GREENWICH, CT.-The Bruce Museum of Arts and Science in Greenwich, Connecticut, is sure to tickle a few funny bones in its new exhibition Art and Artists: New Yorker Cartoons from the Melvin R. Seiden Collection. On view through December 31, 2005 in the Museums Bantle Lecture Gallery, the show features 50 original drawings for cartoons dealing with art and artists, drawn from the pages of The New Yorker magazine. The works, some in color, are on loan from Melvin R. Seiden, who has assembled one of the most extensive private collections of The New Yorker cartoons in the world. Included in the show is a selection of portraits of the artists by photographer Anne Hall. The exhibition is supported by the Charles M. and Deborah Royce Exhibition Fund.

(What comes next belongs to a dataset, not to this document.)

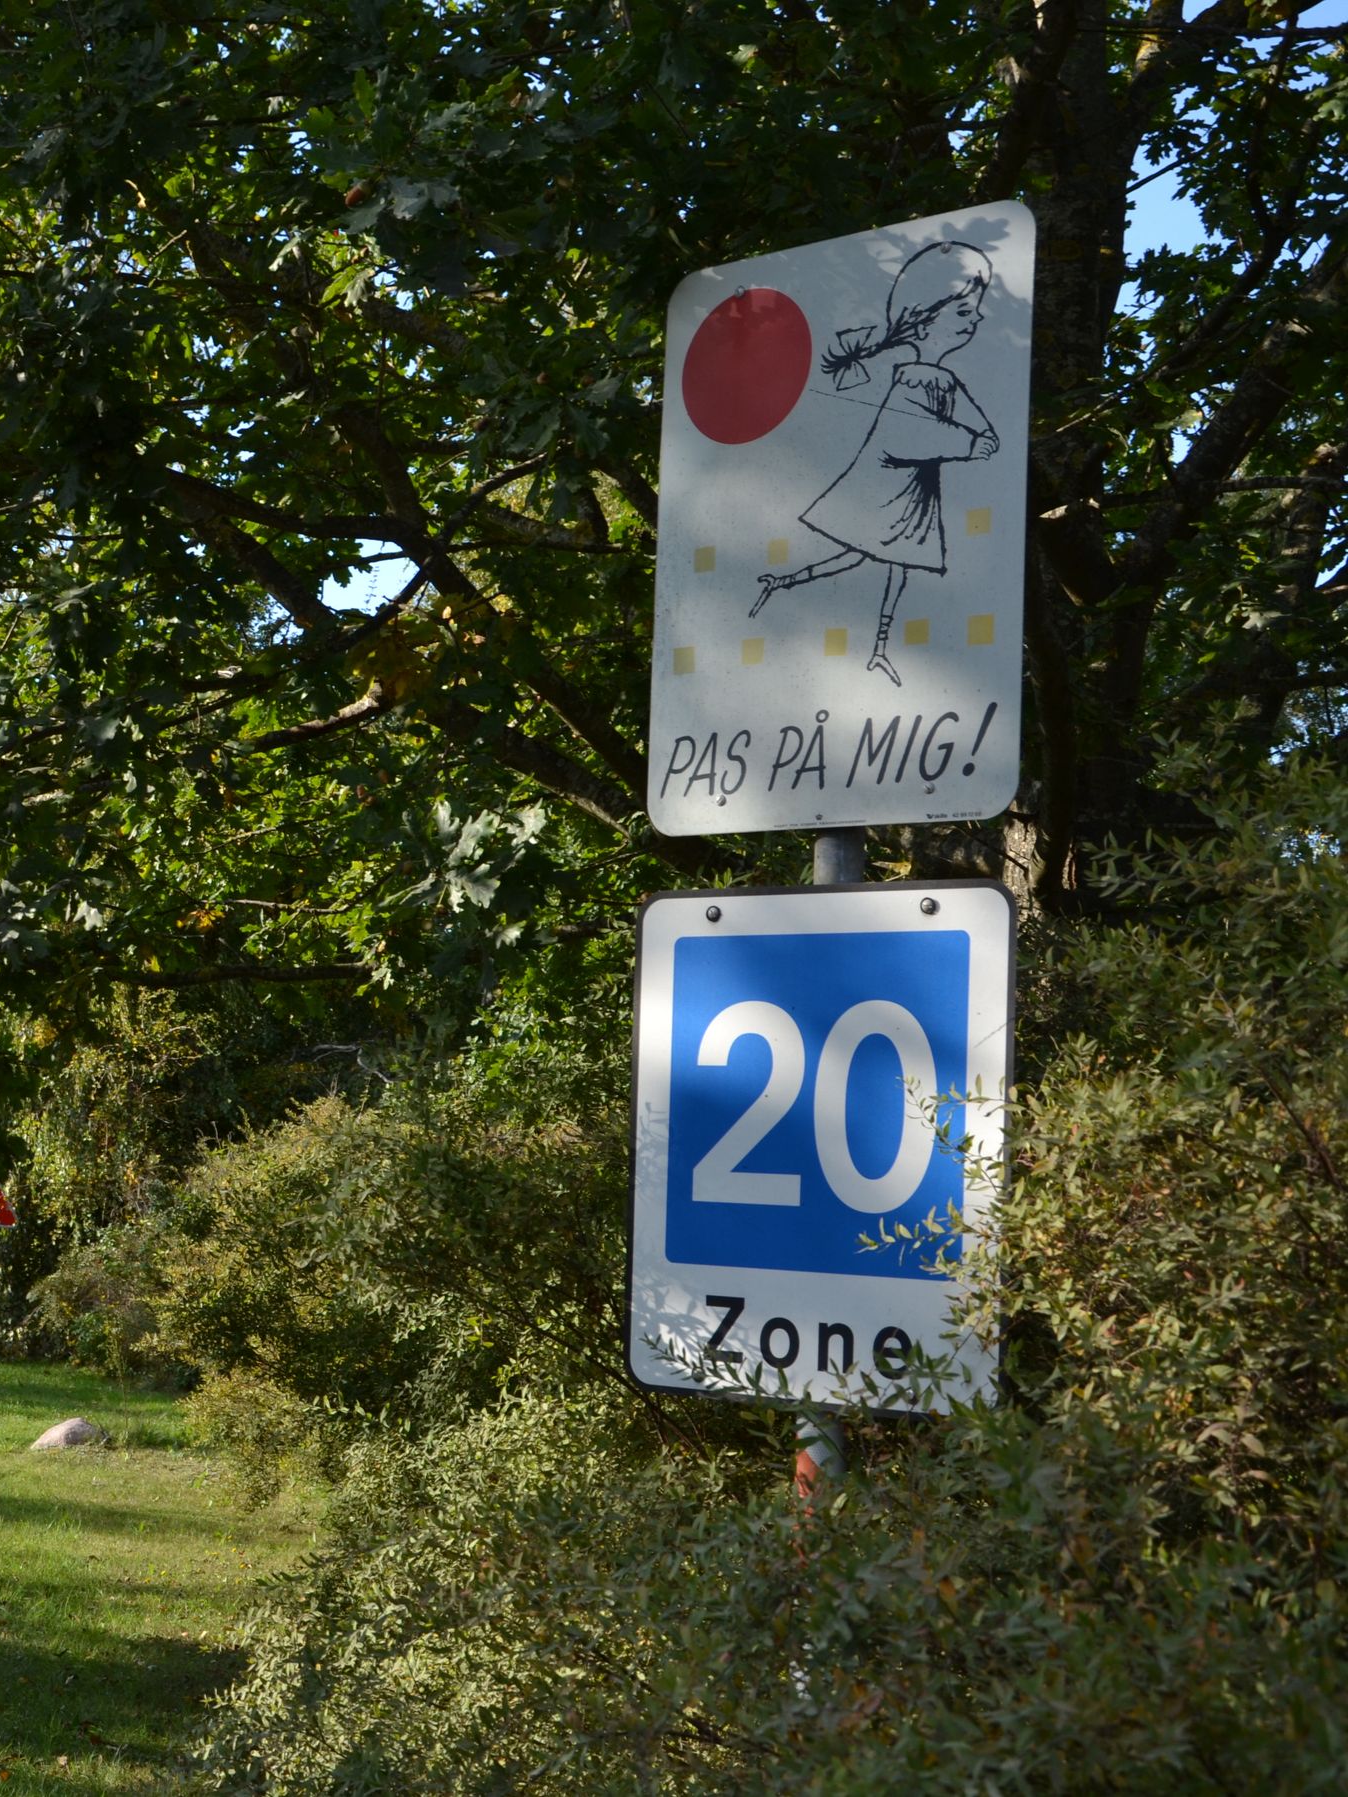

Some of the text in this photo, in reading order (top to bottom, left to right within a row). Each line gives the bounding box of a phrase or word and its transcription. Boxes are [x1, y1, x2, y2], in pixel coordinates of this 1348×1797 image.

[660, 702, 998, 799] PAS PÅ MIG!
[692, 999, 938, 1214] 20
[705, 1294, 912, 1380] Zone

Visitors to the exhibition will discover why The New Yorker figures prominently in the history of comedy, caricature and cartoons. Not only is the cartoon the emblem of the magazine, but The New Yorker also altered the look, structure and development of cartoon art. While anthologies of cartoons from The New Yorker on the themes of lawyers, doctors, businessmen, and even dogs, have appeared, and the recently published The Complete Cartoons of The New Yorker, with 68,647 entries, covers the magazines entire cartoon inventory from 1925 to 2004, there has not been a book or exhibition on the magazines cartoons on the themes of art and artists for more than thirty years.
The arrival of The New Yorker in 1925 had a profound impact on the history of the cartoon. In place of the lengthy captions and dialogues that had often been featured beneath a single image in earlier publications, The New Yorker stressed a succinct single punch line that brought the image and words into closer alignment and sharpened the comic effect. The captionless cartoon of manners also placed a new emphasis on the clarity of the situation, costumes, and setting that gave The New Yorker cartoons a distinctive, concise look. Almost from the start, the magazines cartoons had relatively little overt political content and less dramatic action than their predecessors; the subtlety and understatement of social comedy reigned.

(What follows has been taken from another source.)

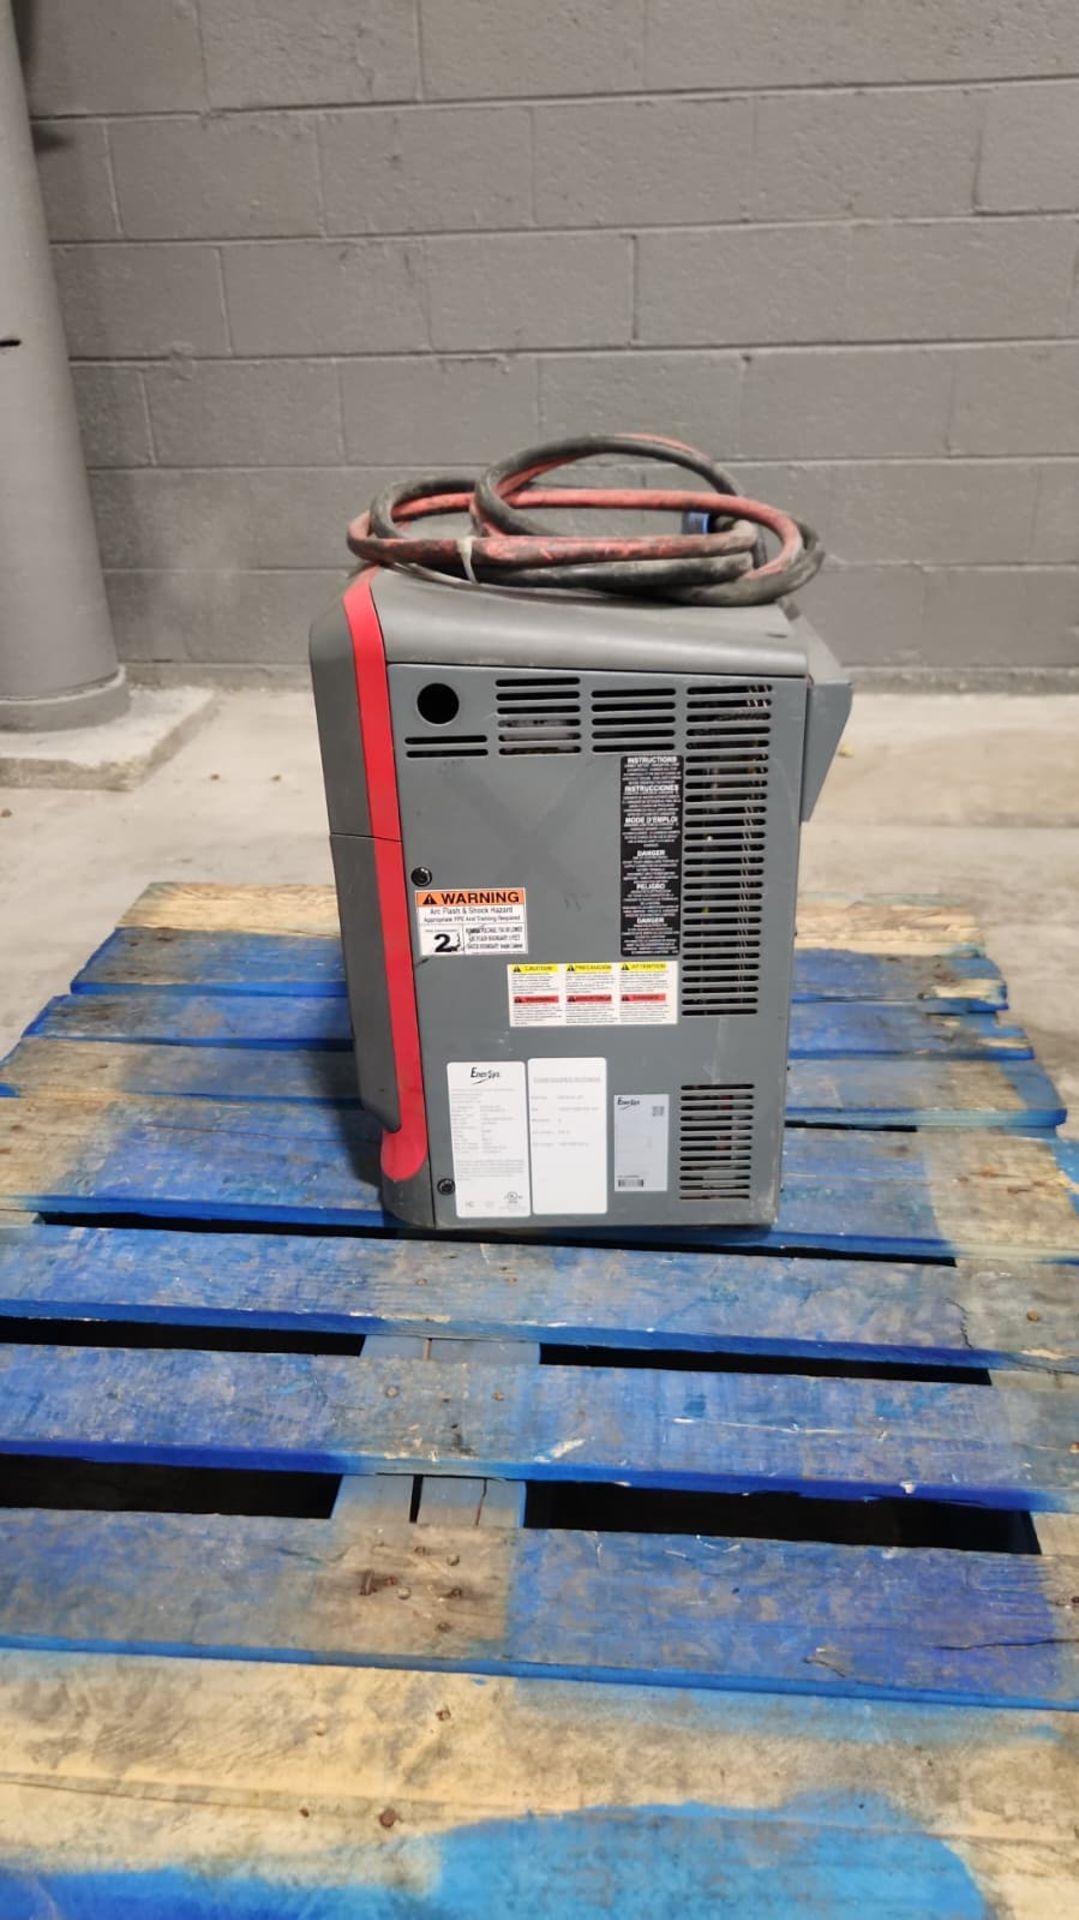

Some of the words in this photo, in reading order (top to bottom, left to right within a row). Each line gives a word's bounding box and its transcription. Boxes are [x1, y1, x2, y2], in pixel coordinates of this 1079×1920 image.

The New Yorker art cartoons deal with many aspects of the art world, from art collecting to art forgery, while satirizing aspects of painting, architecture and museums. Leonardo DaVincis painting of Mona Lisa is understandably a perennial subject of cartoons, which range from references to her smile to reinterpretations of her image as a New York Mets baseball player. The cartoons poke gentle fun at such artists as Rembrandt van Rijn, Vincent van Gogh, Diego Velasquez, Claude Monet, René Magritte, and Lucien Freud, relying on visual puns, quips and the combination of a witty image and a pithy one-liner. Some of these images play on the classic subject of the artist and his model, while others attest to an increasingly sophisticated and satirical view of the sanctity and pretense of high art, be it a send up of Leonardo or Matthew Barney. Still others taunt the world of museums and galleries, artists on the dole, or the subject of art and commerce.

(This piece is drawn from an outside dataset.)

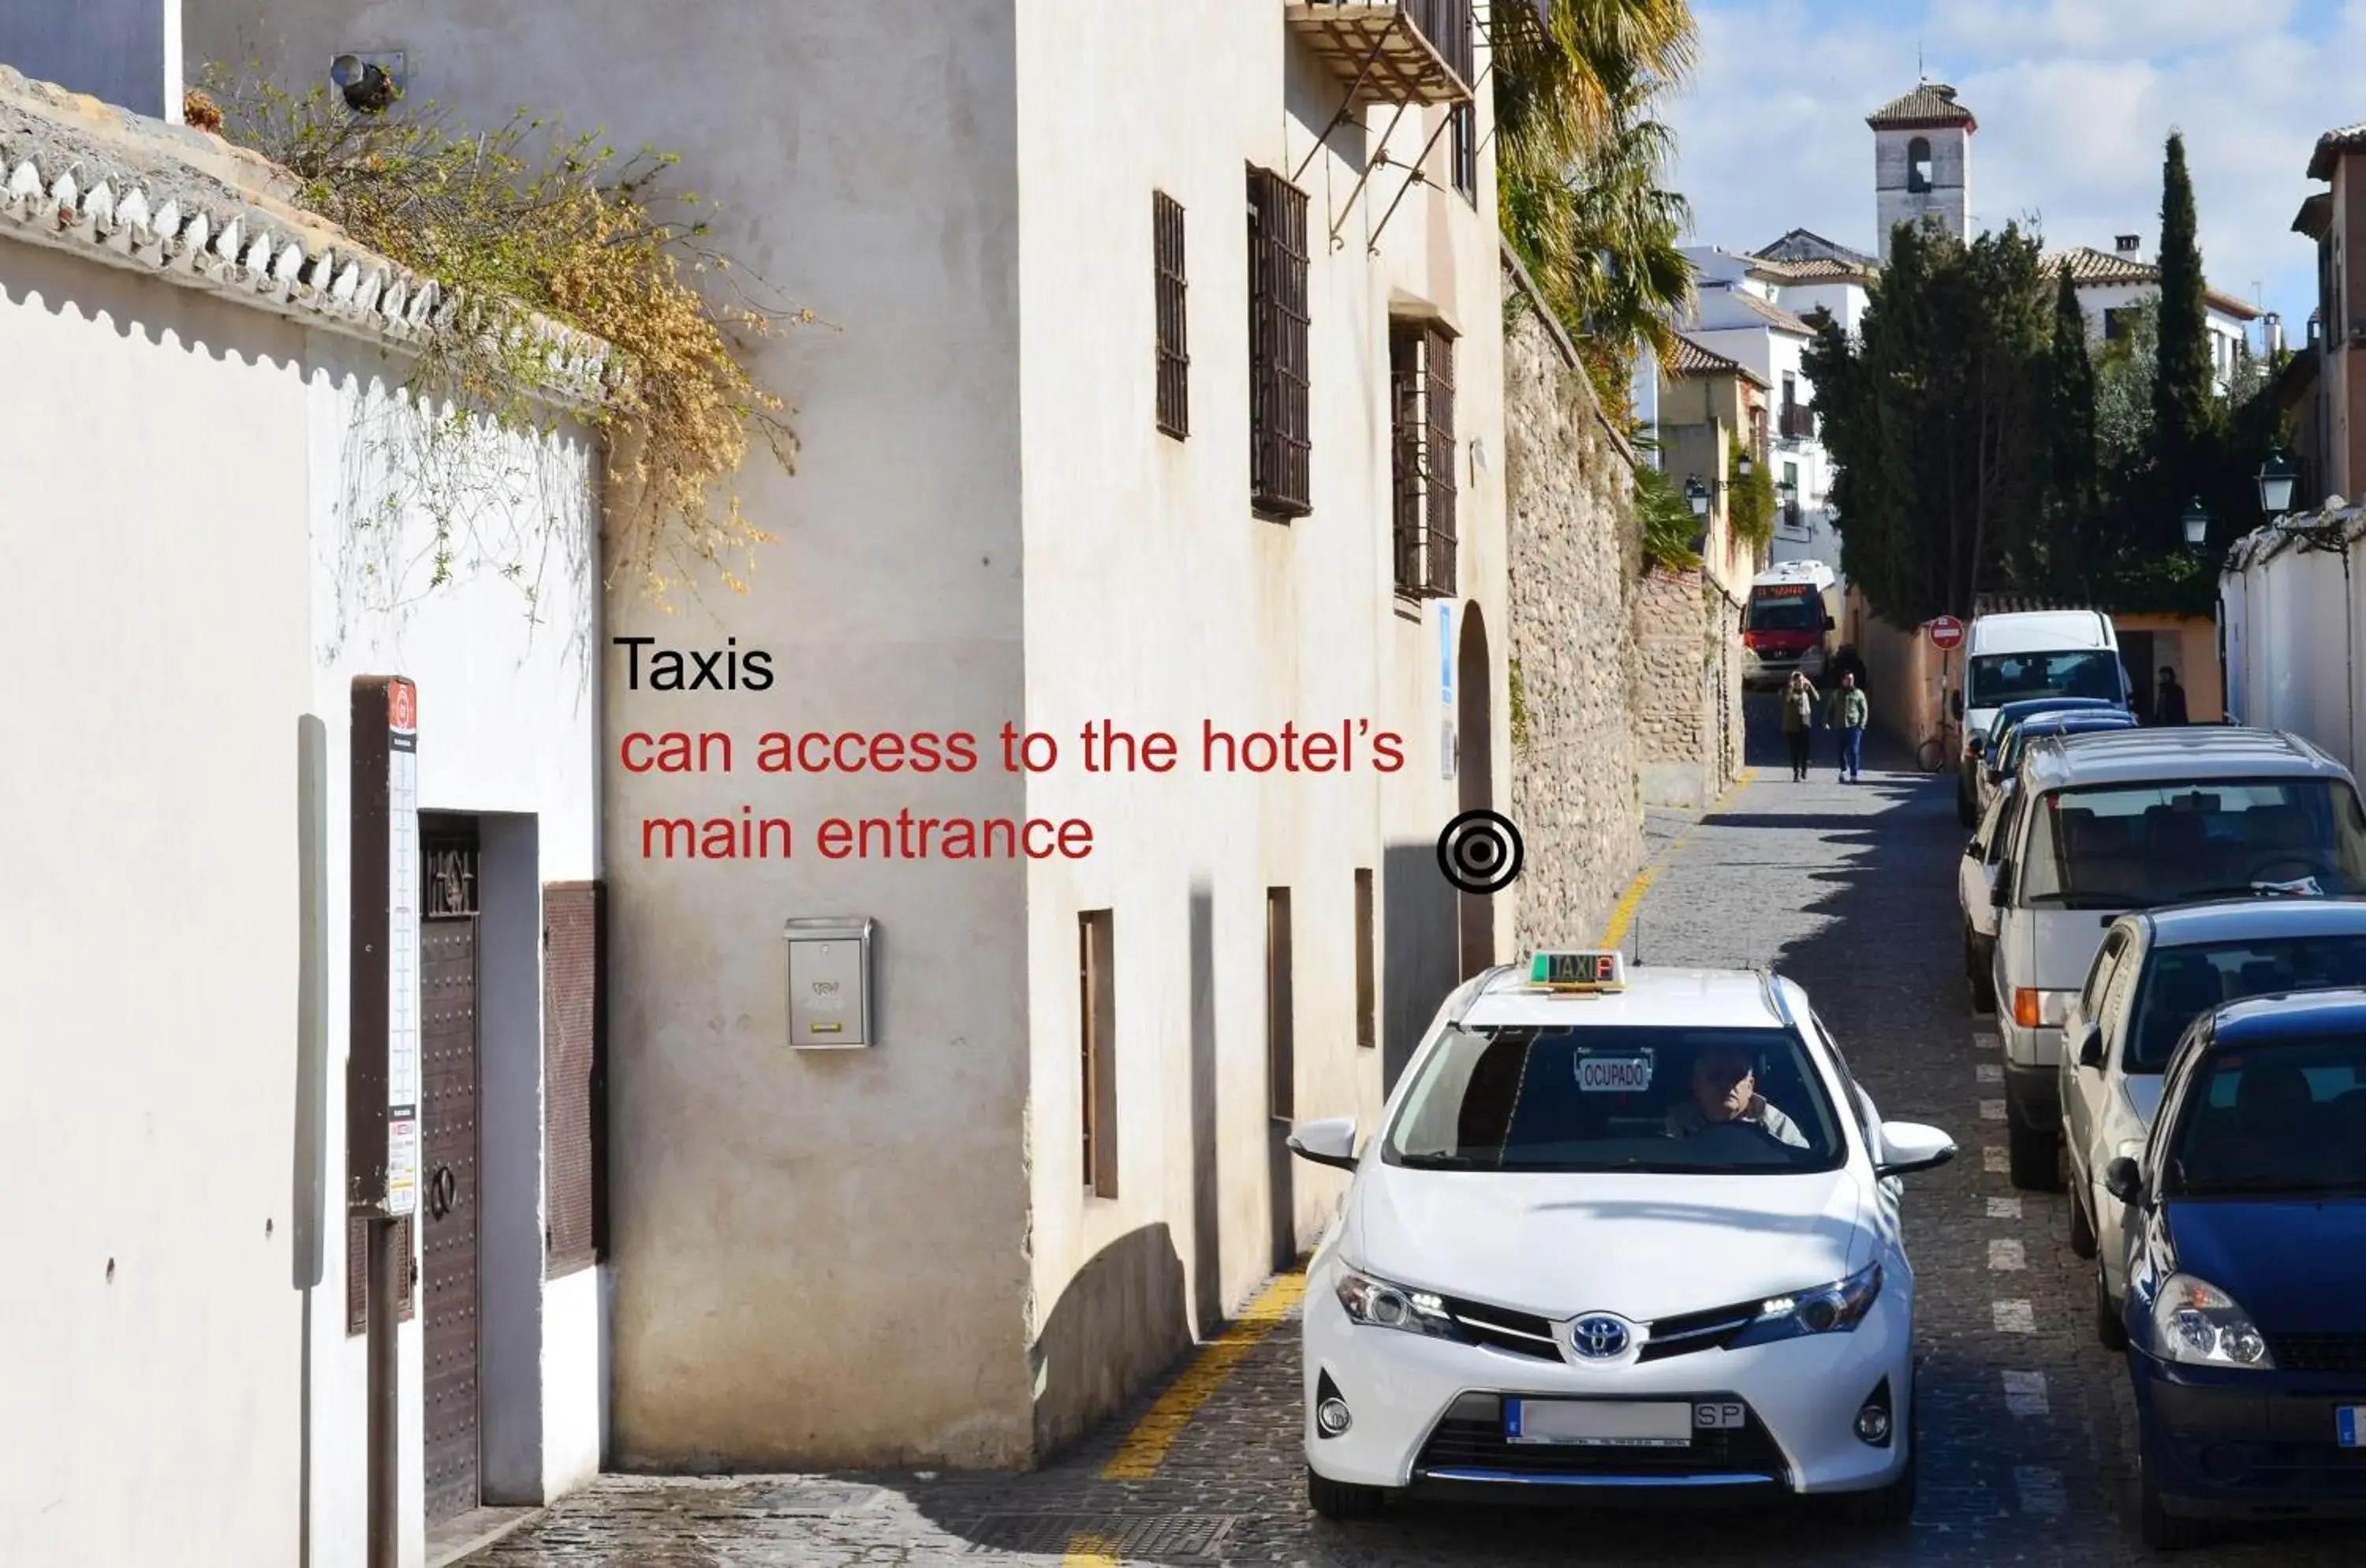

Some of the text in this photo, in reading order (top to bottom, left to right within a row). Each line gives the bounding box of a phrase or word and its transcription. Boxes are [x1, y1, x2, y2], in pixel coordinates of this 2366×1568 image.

[1552, 955, 1594, 978] TAXI
[1584, 1063, 1644, 1086] OCUPADO
[1698, 1405, 1740, 1426] SP

The impact of the drawings reflects the artists wonderful draftsmanship, which is richly varied and admirably well suited to the subject matter. The styles range from the simple linear drawings of Lee Lorenz to the elegant calligraphic style of Ronald Searle and the rich narratives of Roz Chast.
The importance of the single-line caption can be seen in two New Yorker cartoons dealing with architecture: an Eskimo peeking out of a pyramidal igloo with the caption Eskimo Pei and a drawing of Frank Lloyd Wrights masterpiece of domestic architecture, Falling Water, with the caption
the story is that Wright was going through considerable domestic difficulties at the time he designed this one.
The exhibition is accompanied by a four-color catalogue with essays by Bruce Museum Executive Director Peter Sutton and Bruce Museum Senior Curator of Art Nancy Hall-Duncan and with photographs of many of the artists.